Plutôt que de simplement se mettre « en dehors » de la société, ou de juste se nourrir de façon parasitaire de ses monopoles d’informations, les cyberpunks ont le potentiel pour la changer. Mais pour le faire, ils devront apprendre ces ennuyeuses leçons de l’histoire du Mouvement. Vous savez ce qu’elles sont. Les étudier. Penser globalement, agir localement. Et le plus important, ne pas se lamenter, s’organiser. Il suffit de penser à ce que les cyberpunks pourraient faire s’ils apprenaient maintenant à coopérer, parler et avoir confiance entre eux. Si, au lieu de faire des farces sur l’Homme, ils commençaient maintenant à essayer et à lui enlever un peu de son pouvoir. Si, au lieu de saboter des BBS de base, ils perturbaient les transmissions de machines de propagande comme Voice of America [13]. Alors nous pourrions dire que peut-être, finalement, la nouvelle contre-culture est arrivée à maturité...
PS :
No-copyright © Seeker1. Traduction de l’américain et notes par Aris Papathéodorou.
[1] Réseau électronique de la National Science Fundation (NSF) qui, en se combinant avec le réseau militaire ARPAnet, et d’autres réseaux, sera une des contributions majeures à la naissance de l’lnternet.
[2] William Gibson, Le neuromancien, J’ai lu, 1984, Paris. Traduit dans de nombreuses langues, ce premier roman de Gibson est considéré comme l’acte de naissance de la science-fiction cyberpunk, devenant du même coup une référence culturelle majeure pour toute une génération.
[3] Le fait d’utiliser la petite boîte bleu (bluebox) magique... qui permet de téléphoner gratuitement.
[4] Opération de la police fédérale d’envergure contre les « hackers. » Voir Nicolas Auray, « Le prophétisme hacker et son contenu politique », alice, automne 1998, numéro 1.
[5] « Technologie et argent. »
[6] Le titre de Chief Executive Officer, fort en vogue ces dernières années, désigne une sorte de super-patron, au dessus du PD-G. C’est, à titre d’exemple, c’est ce que Bill Gates est à Microsoft ou Steve Jobs à Apple.
[7] Mouvement clandestin d’extrême gauche des années 70 pratiquant la lutte armée. Les « météorologistes », qui tiraient leur nom de la célèbre chanson de Bob Dylan Times are changing, furent une sorte de « bras armée « de la fraction radicalisée des hyppies.
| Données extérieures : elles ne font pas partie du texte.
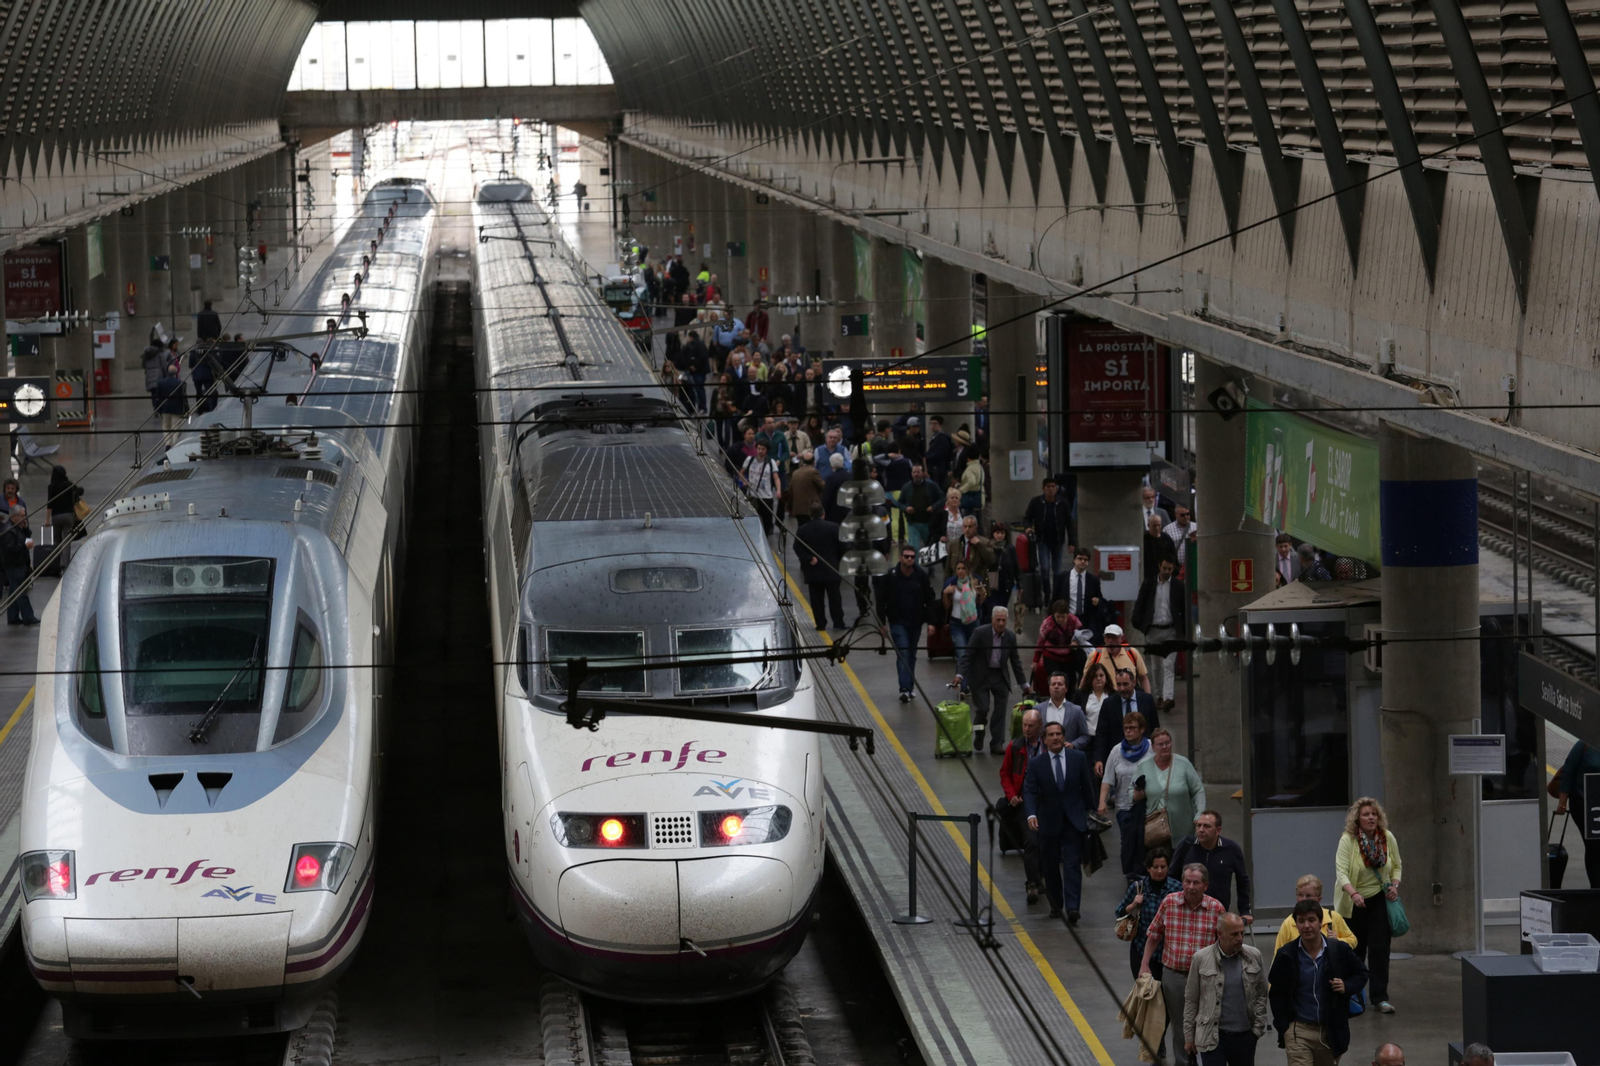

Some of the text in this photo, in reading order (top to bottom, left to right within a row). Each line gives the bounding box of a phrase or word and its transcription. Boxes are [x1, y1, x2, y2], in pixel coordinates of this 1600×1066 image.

[21, 265, 36, 279] SÍ
[841, 324, 849, 336] 3
[31, 344, 39, 355] 4
[1079, 341, 1155, 352] LA PRÓSTATA
[1105, 354, 1129, 376] SÍ
[957, 378, 969, 396] 3
[1084, 380, 1150, 391] IMPORTA
[1327, 446, 1334, 485] EL
[1541, 681, 1582, 720] Sevilla Santa Justa
[581, 740, 728, 772] renfe
[692, 778, 771, 801] AVE
[84, 858, 236, 886] renfe
[200, 884, 277, 905] AVE
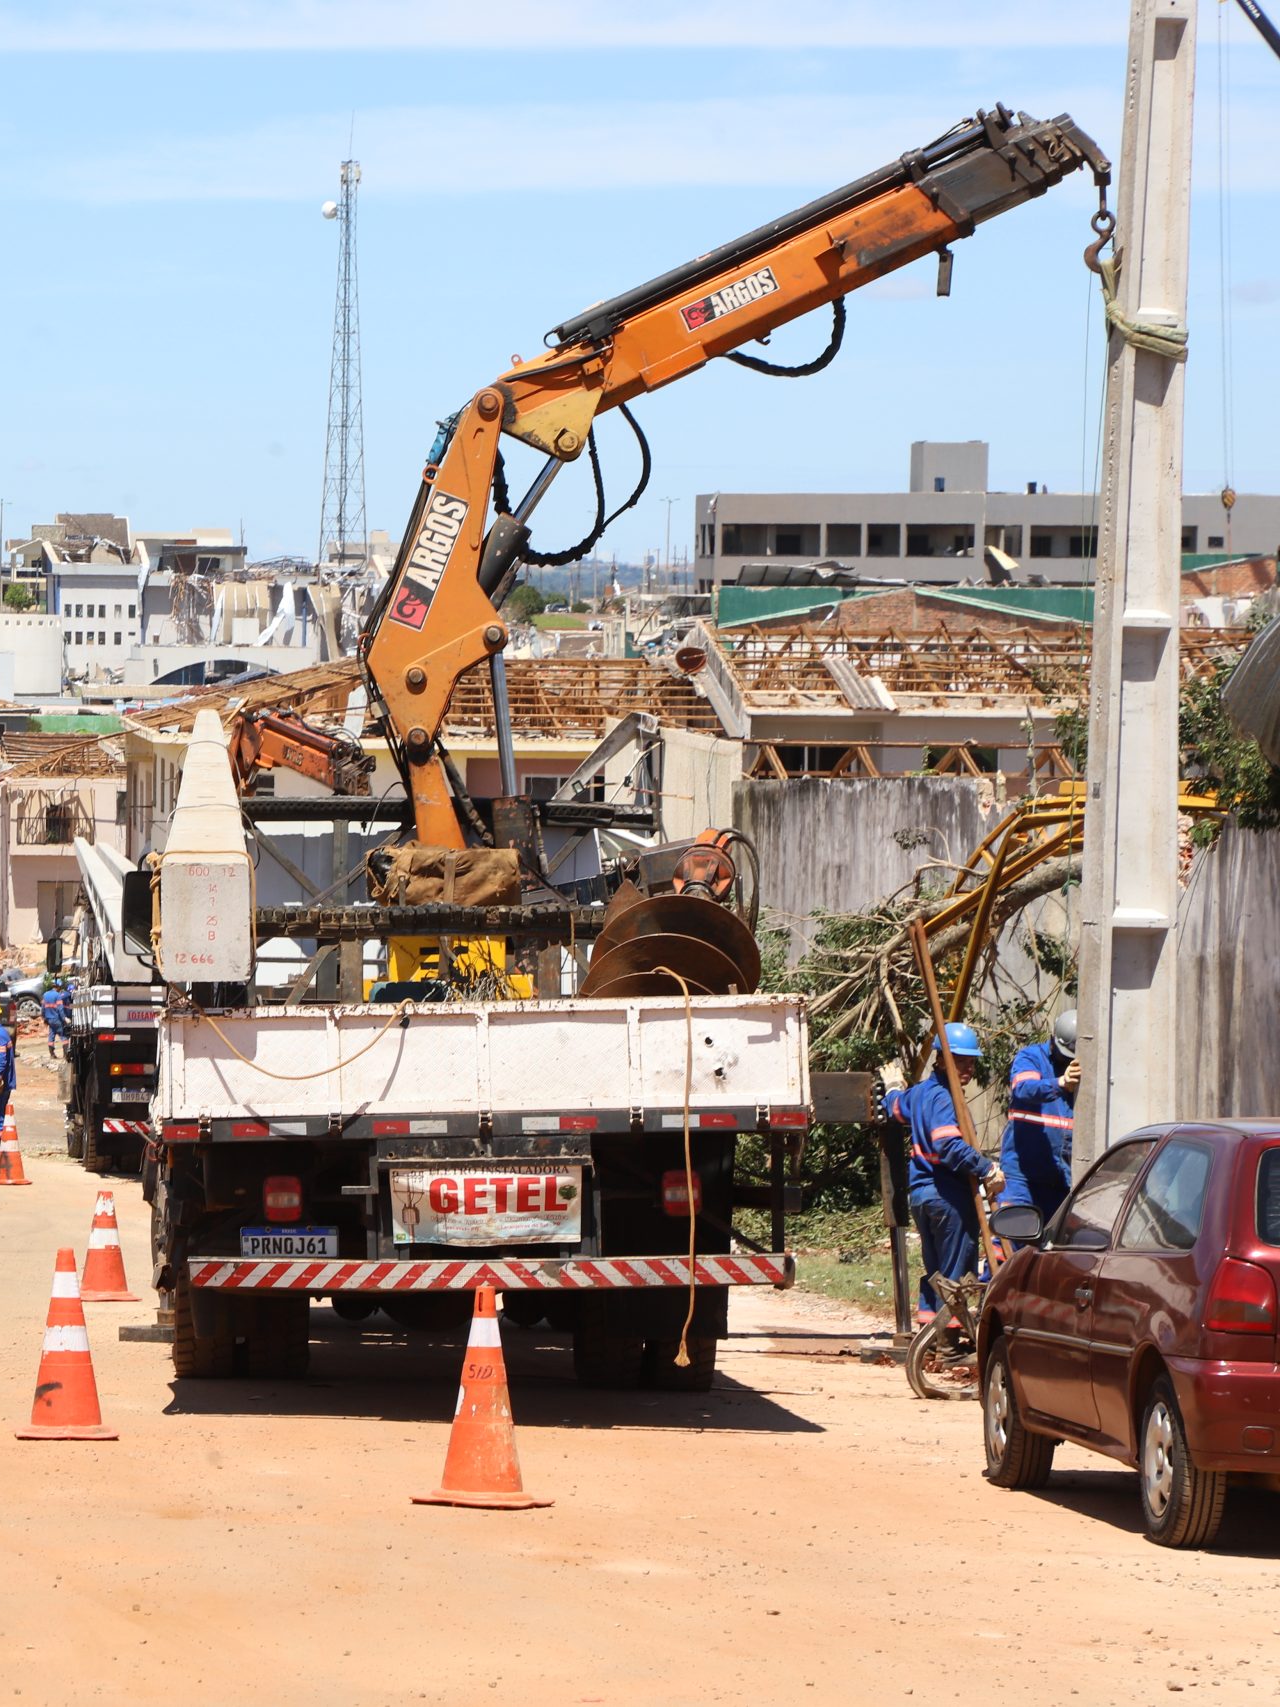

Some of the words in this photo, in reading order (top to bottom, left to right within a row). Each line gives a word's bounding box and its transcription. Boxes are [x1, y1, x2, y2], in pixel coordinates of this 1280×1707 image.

[710, 269, 775, 318] ARGOS
[405, 494, 468, 591] ARGOS
[206, 915, 218, 926] 25
[208, 931, 216, 941] B
[480, 1165, 570, 1175] INSTALADORA
[429, 1176, 568, 1215] GETEL
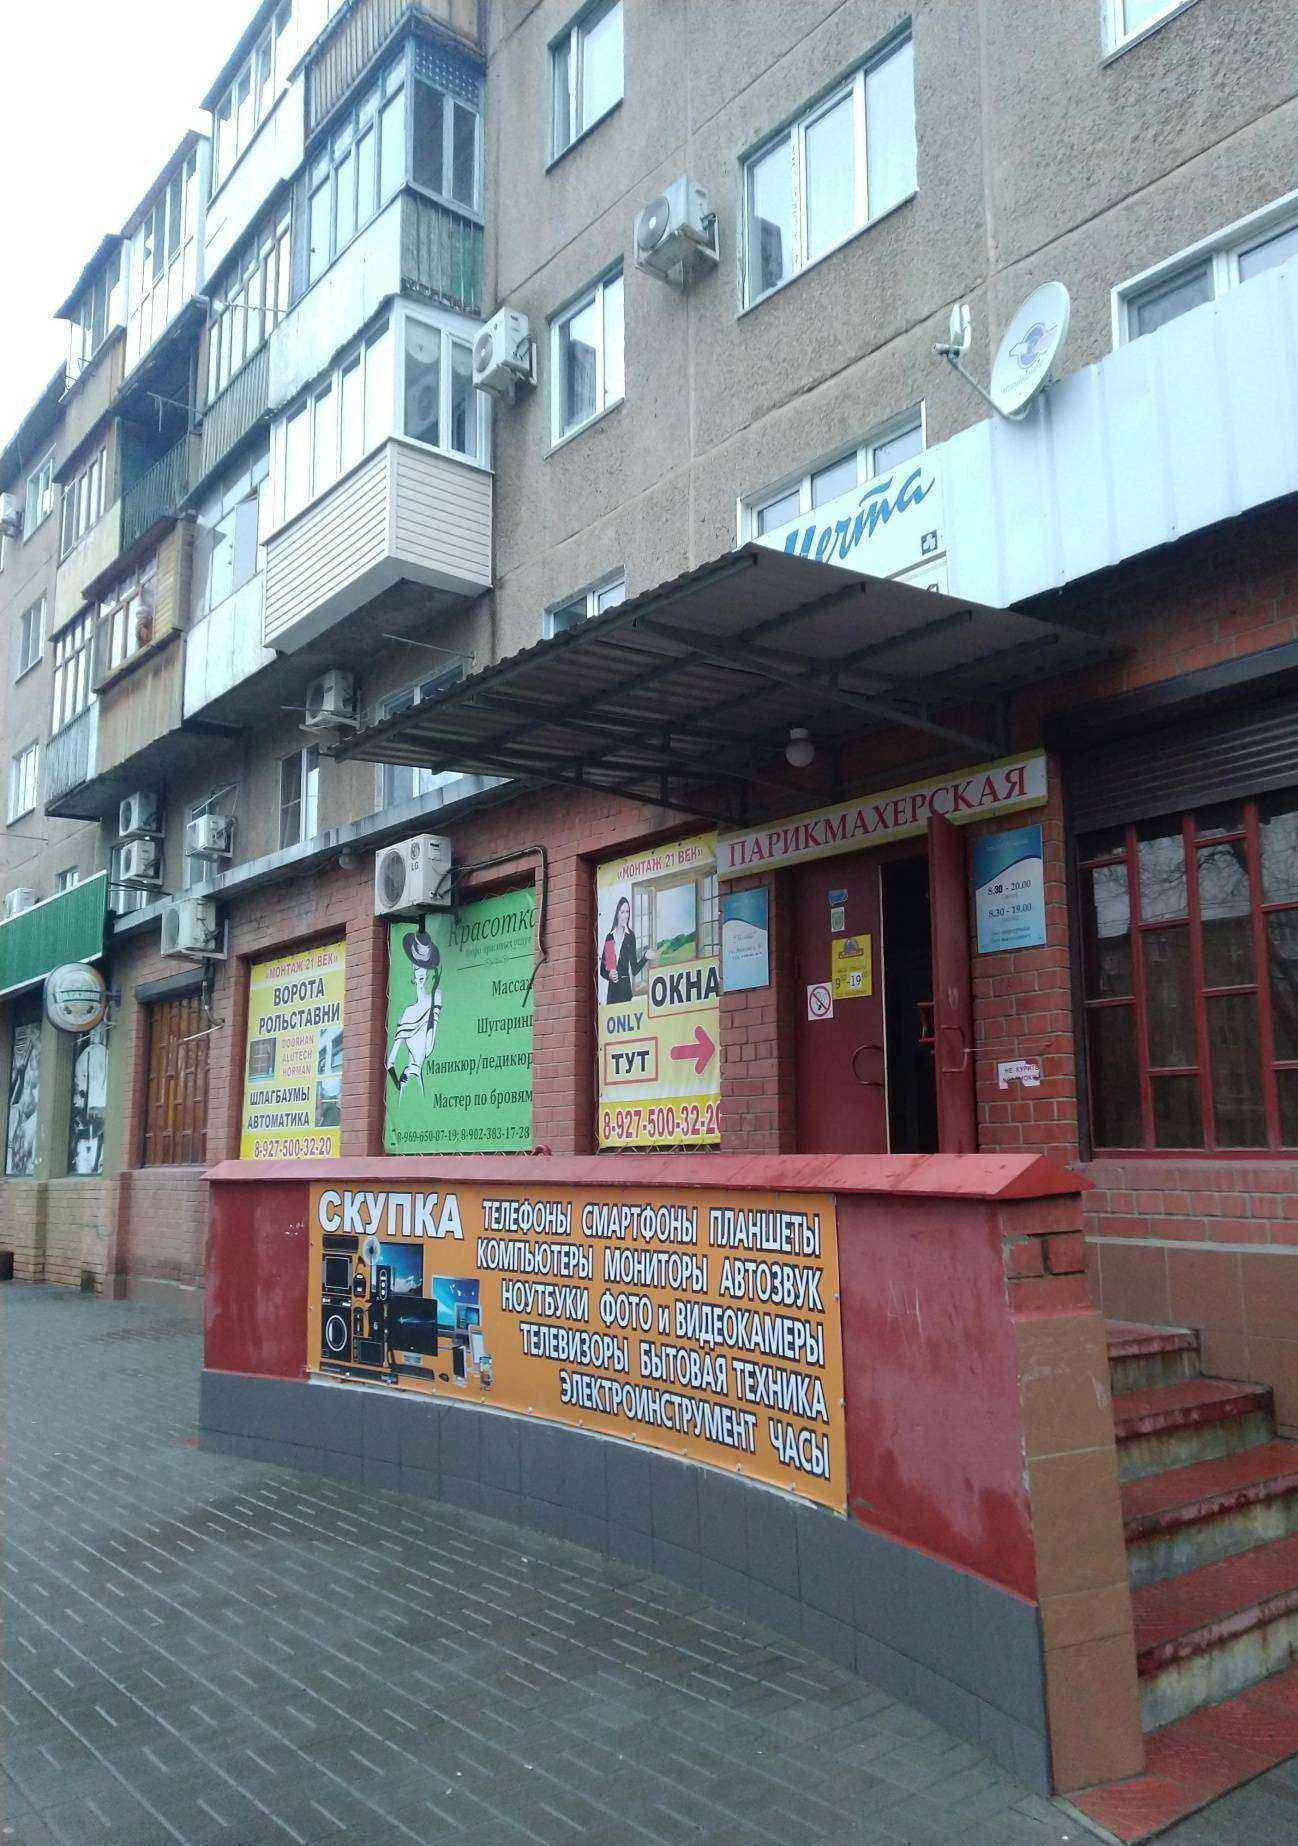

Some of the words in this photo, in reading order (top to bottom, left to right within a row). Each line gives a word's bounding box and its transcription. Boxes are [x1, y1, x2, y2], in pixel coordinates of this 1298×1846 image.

[8] Procédé qui consiste à se faire passer pour ce qu’on n’est pas, en général au téléphone, pour soutirer une information capitale : par exemple un code d’accès.
[9] Notion qui fait référence au courant des libertarians, plus libéral libertaire, voir « anarco-capitaliste », que véritablement anarchiste. Il s’agit plutôt d’une éthique de l’opposition à l’État et de la liberté individuelle que d’une référence politique à un projet social précis.
[10] Anciens hackers et pionniers de la micro-informatique, fondateurs d’Apple et inventeurs du Macintosh.
[11] Les nerds sont les accros de l’informatique et du Net.
[12] Le supermarché électronique où l’on peut tout acheter on line. Tire son nom d’une avenue de Londres où, au XlXe siècle, il était de bon ton de se promener.
[13] Station radio de propagande, mise en place par le gouvernement à destination des pays étranger, et émettant dans de multiples langues. Elle était, avant la « chute du mur », en particulier destinée aux pays socialistes.